Atlantico : Hillary a-t-elle vraiment perdu parce qu'elle était une femme et parce que les Russes sont impliqués dans la campagne américaine ?

Jean-Eric Branaa : Je pense qu'Hilary Clinton essaye de dresser le portrait le plus calme possible de son échec en essayant de ne pas tirer sur son propre parti qui a organisé sa campagne  et l'a envoyé dans le mur. Difficile.

Sur la première hypothèse sa condition de femme, je crois au contraire que c'était le temps des femmes et que Clinton était la bonne personne même si elle avait en face d'elle des femmes américaines, en particulier les féministes, qui estimaient le contraire.

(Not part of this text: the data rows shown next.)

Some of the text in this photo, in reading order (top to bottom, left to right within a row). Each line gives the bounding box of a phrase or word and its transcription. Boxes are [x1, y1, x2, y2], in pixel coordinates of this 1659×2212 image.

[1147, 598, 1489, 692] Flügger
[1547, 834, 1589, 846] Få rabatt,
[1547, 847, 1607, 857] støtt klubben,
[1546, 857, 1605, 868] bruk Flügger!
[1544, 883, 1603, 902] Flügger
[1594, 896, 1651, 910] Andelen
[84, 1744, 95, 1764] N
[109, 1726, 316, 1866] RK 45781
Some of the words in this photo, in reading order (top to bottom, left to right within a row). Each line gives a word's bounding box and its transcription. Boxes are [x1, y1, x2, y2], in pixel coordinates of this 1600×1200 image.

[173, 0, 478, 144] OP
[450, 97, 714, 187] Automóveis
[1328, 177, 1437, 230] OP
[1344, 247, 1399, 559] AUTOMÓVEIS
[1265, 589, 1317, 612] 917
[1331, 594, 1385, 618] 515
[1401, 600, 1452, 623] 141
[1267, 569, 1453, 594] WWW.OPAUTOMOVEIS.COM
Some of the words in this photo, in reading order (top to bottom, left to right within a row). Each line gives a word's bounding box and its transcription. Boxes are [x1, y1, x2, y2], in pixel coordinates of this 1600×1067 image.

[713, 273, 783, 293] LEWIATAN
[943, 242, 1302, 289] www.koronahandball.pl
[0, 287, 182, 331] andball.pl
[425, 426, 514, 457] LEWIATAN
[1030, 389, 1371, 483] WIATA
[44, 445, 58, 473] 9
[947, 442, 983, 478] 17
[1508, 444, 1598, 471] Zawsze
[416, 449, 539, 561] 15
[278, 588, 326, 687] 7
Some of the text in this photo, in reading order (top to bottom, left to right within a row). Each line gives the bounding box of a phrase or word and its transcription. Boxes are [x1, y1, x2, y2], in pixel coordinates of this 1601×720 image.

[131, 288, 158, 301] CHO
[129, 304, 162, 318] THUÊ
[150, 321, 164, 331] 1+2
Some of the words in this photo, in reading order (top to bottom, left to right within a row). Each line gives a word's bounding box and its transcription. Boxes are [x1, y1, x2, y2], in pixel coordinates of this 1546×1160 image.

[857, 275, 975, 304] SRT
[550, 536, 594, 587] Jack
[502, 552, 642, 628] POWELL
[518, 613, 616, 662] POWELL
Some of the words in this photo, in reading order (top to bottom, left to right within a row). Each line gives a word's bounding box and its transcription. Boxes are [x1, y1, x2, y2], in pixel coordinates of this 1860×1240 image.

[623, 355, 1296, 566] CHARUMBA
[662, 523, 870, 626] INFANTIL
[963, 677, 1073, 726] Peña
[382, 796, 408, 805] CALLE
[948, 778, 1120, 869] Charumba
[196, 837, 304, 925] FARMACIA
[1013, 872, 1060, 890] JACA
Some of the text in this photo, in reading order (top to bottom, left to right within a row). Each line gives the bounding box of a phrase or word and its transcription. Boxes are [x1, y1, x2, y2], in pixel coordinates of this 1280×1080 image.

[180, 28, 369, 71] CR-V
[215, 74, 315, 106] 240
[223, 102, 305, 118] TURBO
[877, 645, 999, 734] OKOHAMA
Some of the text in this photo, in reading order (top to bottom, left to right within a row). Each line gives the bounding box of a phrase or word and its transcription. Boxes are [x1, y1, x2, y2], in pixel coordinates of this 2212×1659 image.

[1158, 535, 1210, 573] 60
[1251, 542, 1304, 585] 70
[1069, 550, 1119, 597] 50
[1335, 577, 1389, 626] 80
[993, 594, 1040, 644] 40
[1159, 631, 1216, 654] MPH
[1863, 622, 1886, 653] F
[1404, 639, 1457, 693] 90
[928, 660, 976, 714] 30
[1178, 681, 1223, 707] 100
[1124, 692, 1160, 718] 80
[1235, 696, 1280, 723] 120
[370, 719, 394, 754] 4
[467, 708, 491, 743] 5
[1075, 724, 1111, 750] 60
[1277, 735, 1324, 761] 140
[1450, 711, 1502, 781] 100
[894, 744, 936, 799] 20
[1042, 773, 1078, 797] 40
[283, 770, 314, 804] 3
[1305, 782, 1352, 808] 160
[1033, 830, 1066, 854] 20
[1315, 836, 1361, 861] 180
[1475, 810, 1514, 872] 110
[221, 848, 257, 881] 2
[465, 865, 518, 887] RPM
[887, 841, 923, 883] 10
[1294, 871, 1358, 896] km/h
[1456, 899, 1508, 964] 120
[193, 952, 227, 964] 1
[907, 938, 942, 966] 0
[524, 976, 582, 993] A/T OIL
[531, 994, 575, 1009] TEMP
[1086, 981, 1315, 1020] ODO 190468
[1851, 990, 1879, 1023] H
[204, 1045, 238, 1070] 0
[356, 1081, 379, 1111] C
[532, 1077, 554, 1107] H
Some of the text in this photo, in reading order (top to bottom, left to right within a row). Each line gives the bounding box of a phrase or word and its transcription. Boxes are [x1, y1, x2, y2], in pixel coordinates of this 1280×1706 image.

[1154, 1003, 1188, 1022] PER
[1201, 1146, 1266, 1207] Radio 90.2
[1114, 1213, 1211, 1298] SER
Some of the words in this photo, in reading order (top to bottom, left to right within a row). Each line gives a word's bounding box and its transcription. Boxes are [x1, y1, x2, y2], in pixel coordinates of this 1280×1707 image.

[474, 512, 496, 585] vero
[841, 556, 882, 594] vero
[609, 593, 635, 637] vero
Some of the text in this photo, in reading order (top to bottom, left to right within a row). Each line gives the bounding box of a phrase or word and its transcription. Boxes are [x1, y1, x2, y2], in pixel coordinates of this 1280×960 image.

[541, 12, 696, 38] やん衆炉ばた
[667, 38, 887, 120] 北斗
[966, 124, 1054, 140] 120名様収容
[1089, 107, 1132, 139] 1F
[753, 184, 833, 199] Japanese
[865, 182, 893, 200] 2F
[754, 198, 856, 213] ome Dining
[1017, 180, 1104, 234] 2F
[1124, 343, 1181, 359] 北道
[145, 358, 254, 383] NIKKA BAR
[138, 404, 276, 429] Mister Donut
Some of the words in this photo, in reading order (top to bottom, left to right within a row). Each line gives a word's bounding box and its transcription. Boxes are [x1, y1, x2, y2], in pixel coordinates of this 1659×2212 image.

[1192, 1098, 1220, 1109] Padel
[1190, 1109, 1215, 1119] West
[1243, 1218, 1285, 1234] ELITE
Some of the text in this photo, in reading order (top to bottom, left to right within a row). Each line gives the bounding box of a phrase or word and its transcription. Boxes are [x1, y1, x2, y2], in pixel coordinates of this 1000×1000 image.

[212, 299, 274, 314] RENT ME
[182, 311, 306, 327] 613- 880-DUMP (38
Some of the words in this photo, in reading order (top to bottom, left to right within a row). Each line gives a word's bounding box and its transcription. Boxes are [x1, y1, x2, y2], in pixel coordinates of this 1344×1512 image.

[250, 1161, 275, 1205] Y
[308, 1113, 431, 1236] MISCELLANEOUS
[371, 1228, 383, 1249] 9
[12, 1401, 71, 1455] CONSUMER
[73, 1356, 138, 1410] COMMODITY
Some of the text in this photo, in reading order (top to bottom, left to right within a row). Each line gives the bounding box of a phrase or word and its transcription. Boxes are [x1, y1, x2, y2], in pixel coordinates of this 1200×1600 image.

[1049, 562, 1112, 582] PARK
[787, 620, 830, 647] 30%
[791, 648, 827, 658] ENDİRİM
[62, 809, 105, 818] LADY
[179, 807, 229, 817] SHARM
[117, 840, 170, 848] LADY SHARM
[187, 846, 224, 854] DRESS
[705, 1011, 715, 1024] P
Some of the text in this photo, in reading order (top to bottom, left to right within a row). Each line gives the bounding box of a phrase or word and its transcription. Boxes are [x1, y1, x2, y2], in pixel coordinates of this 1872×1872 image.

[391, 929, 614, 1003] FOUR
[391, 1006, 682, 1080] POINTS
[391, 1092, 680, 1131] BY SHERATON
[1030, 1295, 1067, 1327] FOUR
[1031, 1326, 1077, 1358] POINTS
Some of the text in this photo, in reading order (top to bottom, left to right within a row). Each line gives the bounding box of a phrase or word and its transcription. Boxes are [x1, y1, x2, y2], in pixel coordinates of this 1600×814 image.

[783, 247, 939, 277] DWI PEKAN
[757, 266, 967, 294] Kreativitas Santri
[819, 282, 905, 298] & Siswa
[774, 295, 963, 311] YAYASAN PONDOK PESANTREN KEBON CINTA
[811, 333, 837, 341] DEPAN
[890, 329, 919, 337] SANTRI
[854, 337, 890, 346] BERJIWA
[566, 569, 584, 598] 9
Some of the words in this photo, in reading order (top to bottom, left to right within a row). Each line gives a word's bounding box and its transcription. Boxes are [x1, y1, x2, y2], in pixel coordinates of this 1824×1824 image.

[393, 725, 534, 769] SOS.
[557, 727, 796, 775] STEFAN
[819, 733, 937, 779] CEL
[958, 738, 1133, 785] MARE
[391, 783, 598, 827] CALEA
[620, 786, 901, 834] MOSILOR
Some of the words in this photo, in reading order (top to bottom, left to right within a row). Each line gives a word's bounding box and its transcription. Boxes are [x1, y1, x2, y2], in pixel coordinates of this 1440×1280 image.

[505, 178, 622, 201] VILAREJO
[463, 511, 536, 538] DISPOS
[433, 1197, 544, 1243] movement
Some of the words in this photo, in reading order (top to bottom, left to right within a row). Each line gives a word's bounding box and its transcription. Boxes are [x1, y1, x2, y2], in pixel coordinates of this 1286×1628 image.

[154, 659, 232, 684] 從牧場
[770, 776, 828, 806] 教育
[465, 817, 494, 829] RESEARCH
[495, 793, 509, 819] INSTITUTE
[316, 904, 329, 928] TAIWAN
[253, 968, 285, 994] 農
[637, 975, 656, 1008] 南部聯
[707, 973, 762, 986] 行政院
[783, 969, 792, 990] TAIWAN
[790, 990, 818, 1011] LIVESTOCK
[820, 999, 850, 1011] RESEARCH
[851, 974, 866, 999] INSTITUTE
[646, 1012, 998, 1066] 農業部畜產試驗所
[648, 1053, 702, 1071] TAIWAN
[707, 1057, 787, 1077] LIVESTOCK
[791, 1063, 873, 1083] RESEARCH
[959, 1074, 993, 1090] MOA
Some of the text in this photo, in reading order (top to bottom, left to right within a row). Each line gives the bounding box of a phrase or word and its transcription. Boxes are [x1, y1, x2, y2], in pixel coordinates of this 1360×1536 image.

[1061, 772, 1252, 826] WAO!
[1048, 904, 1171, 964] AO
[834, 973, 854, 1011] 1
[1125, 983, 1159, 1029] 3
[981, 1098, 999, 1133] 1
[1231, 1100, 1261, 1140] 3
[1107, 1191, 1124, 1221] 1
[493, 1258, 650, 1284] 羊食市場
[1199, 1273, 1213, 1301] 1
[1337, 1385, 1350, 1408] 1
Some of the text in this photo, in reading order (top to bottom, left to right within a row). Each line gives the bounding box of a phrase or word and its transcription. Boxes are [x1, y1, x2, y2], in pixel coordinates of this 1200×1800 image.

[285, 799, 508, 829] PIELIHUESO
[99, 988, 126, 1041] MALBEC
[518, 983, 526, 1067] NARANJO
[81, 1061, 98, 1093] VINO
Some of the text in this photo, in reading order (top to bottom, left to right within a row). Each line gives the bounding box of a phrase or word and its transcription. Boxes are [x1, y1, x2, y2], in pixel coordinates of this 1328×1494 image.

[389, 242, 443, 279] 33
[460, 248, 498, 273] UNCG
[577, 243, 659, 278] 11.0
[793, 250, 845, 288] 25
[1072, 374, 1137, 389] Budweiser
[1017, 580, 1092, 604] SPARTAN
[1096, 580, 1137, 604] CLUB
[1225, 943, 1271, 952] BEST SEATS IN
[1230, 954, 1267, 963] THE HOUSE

C'est bizarrement pour cela que je pense que c'était la bonne personne, elle ne représentait pas les femmes en tant que tel mais toute son action pendant toute sa vie a montré que la condition des femmes était un problème qui l'intéressait et sur lequel elle a travaillé pour faire avancer le progrès en leur faveur aux Etats-Unis mais aussi dans le monde. Elle était donc bien placée et, on l'oublie aujourd'hui, mais pendant toute la campagne elle est apparue comme la plus compétente. Seulement, être compétent n'est pas forcément gage de succès aux Etats-Unis, la preuve, on se souvient d'Al Gore qui était l'était compétent  et qui avait été battu par Bush qui était soit disant complètement incompétent.

Mais elle était la mieux préparée, elle était à côté de son mari, elle a été avocate dès la sortie de ses études, puis conseillère auprès de son mari puis sénatrice puis secrétaire d'Etat… Elle connaissait très bien les rouages de l'Etat et avait tout pour être présidente. Je ne pense pas que sa condition de femme a pu effrayer les Américains.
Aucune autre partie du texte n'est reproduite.